RECORDS TO USE Start Marker

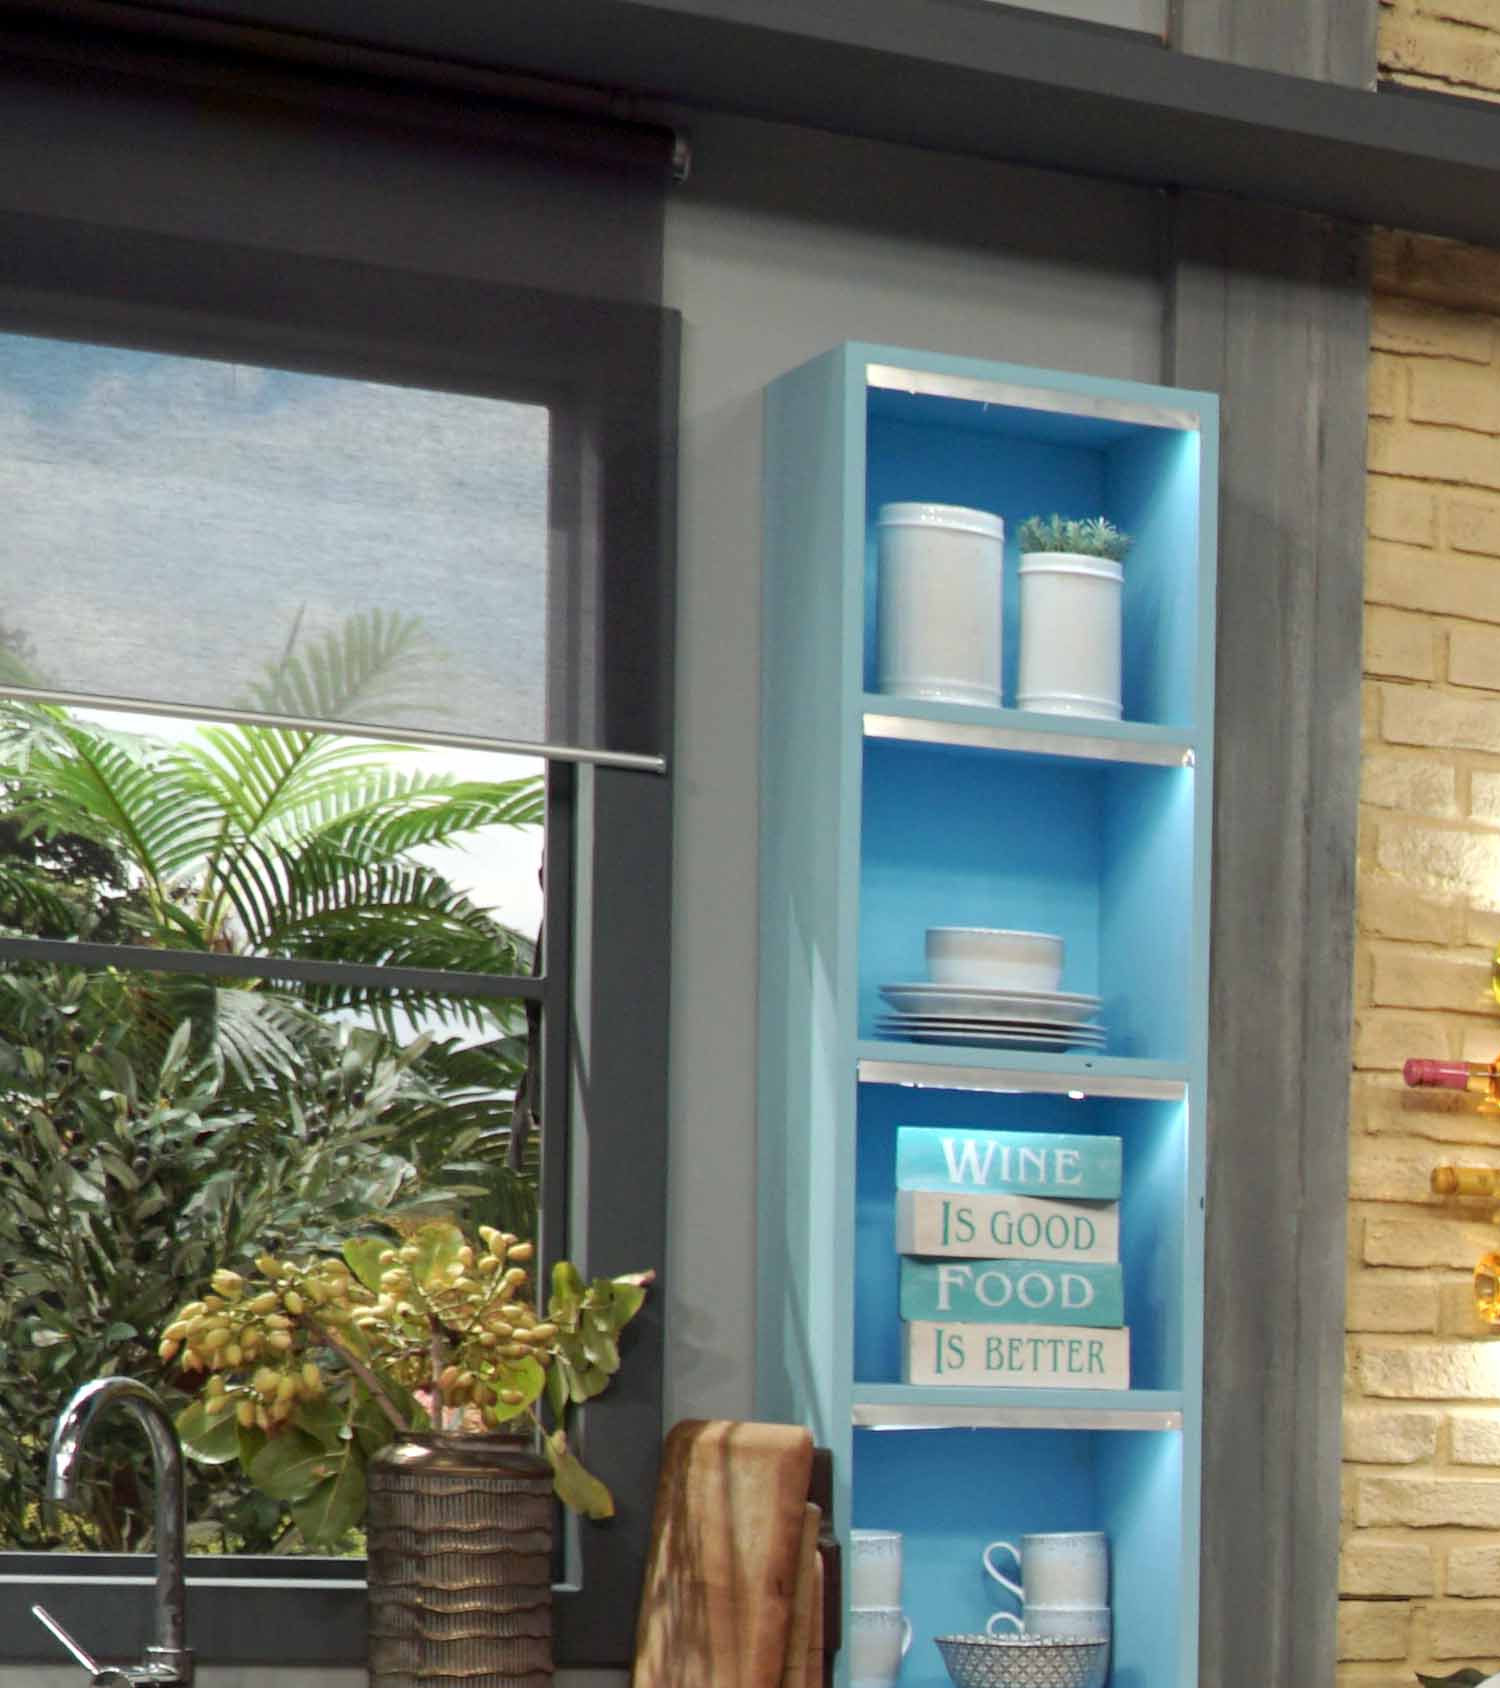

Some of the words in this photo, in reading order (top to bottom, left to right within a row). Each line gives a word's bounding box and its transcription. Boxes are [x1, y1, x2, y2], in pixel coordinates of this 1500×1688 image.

[942, 1137, 1083, 1186] WINE
[941, 1201, 976, 1247] IS
[990, 1211, 1096, 1251] GOOD
[936, 1265, 1095, 1312] FOOD
[935, 1329, 966, 1375] IS
[985, 1337, 1105, 1375] BETTER
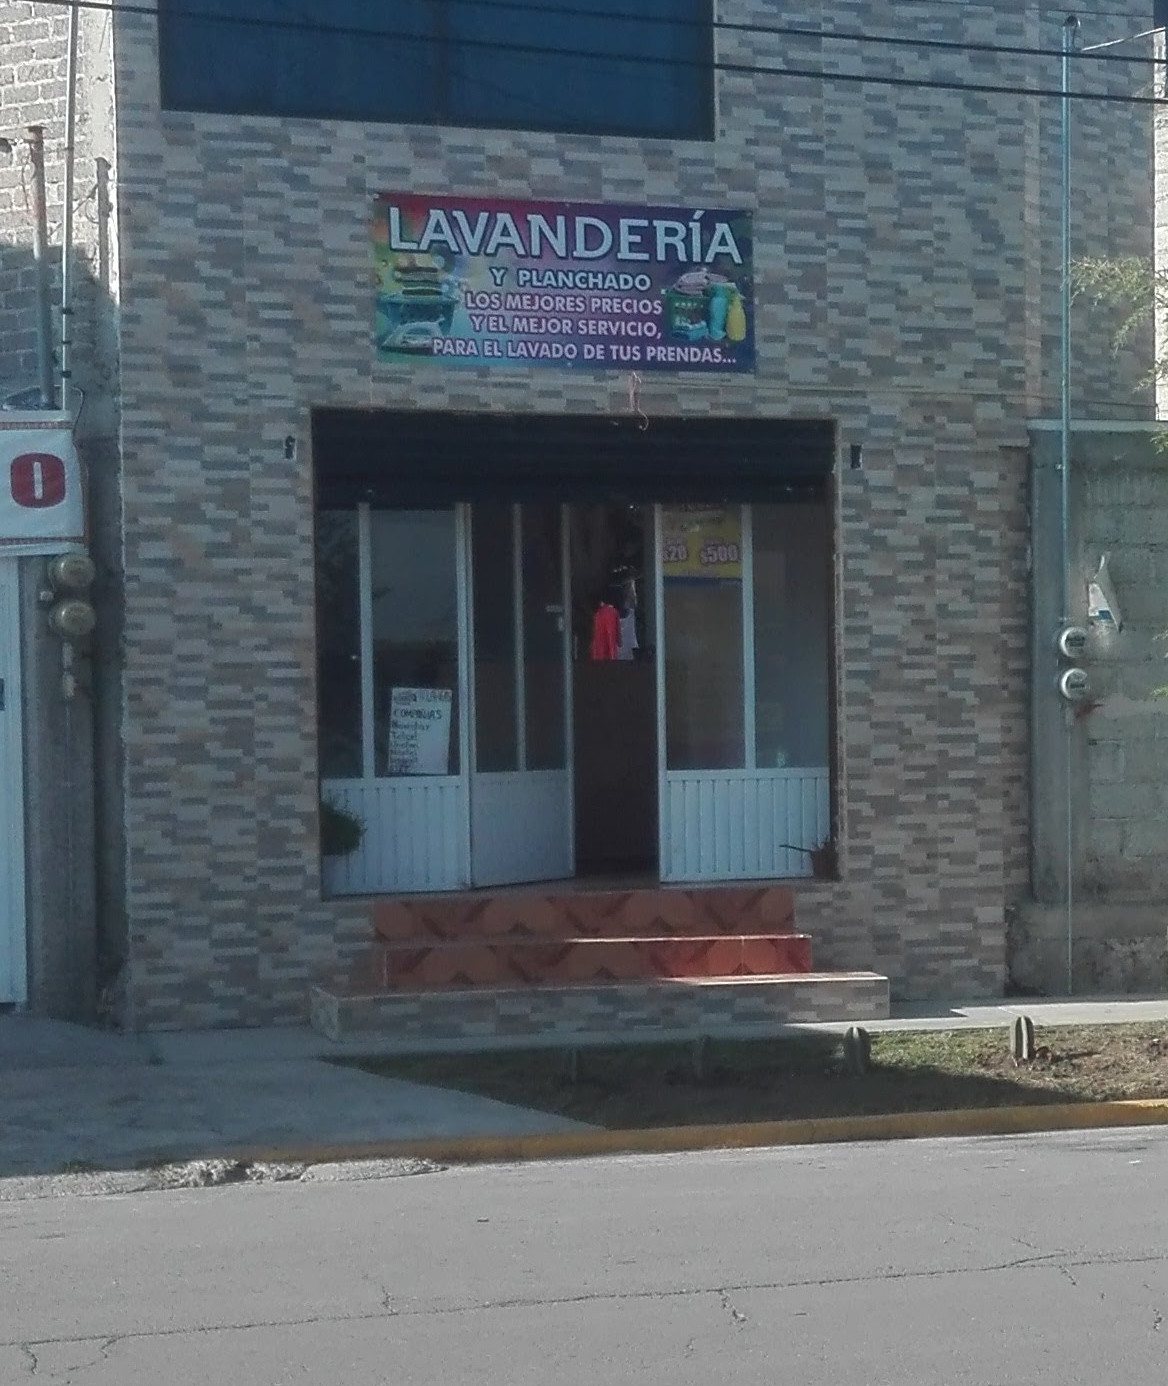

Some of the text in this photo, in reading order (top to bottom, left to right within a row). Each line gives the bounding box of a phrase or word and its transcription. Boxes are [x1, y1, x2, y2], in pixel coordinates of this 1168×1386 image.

[388, 206, 743, 265] LAVANDERÍA
[491, 268, 651, 291] Y PLANCHADO
[465, 292, 500, 309] LOS
[506, 295, 585, 313] MEJORES
[591, 298, 663, 315] PRECIOS
[470, 315, 662, 340] Y EL MEJOR SERVICIO,
[433, 339, 737, 363] PARA EL LAVADO DE TUS PRENDAS...
[700, 544, 739, 564] $500

RECORDS TO USE End Marker

# AIM OF THE EXERCISE
Only the lines from the one containing "Some of the text" through the final line of the records above should be printed, exactly as they stand.

# SOLVED PROBLEM
Some of the text in this photo, in reading order (top to bottom, left to right within a row). Each line gives the bounding box of a phrase or word and its transcription. Boxes are [x1, y1, x2, y2], in pixel coordinates of this 1168×1386 image.

[388, 206, 743, 265] LAVANDERÍA
[491, 268, 651, 291] Y PLANCHADO
[465, 292, 500, 309] LOS
[506, 295, 585, 313] MEJORES
[591, 298, 663, 315] PRECIOS
[470, 315, 662, 340] Y EL MEJOR SERVICIO,
[433, 339, 737, 363] PARA EL LAVADO DE TUS PRENDAS...
[700, 544, 739, 564] $500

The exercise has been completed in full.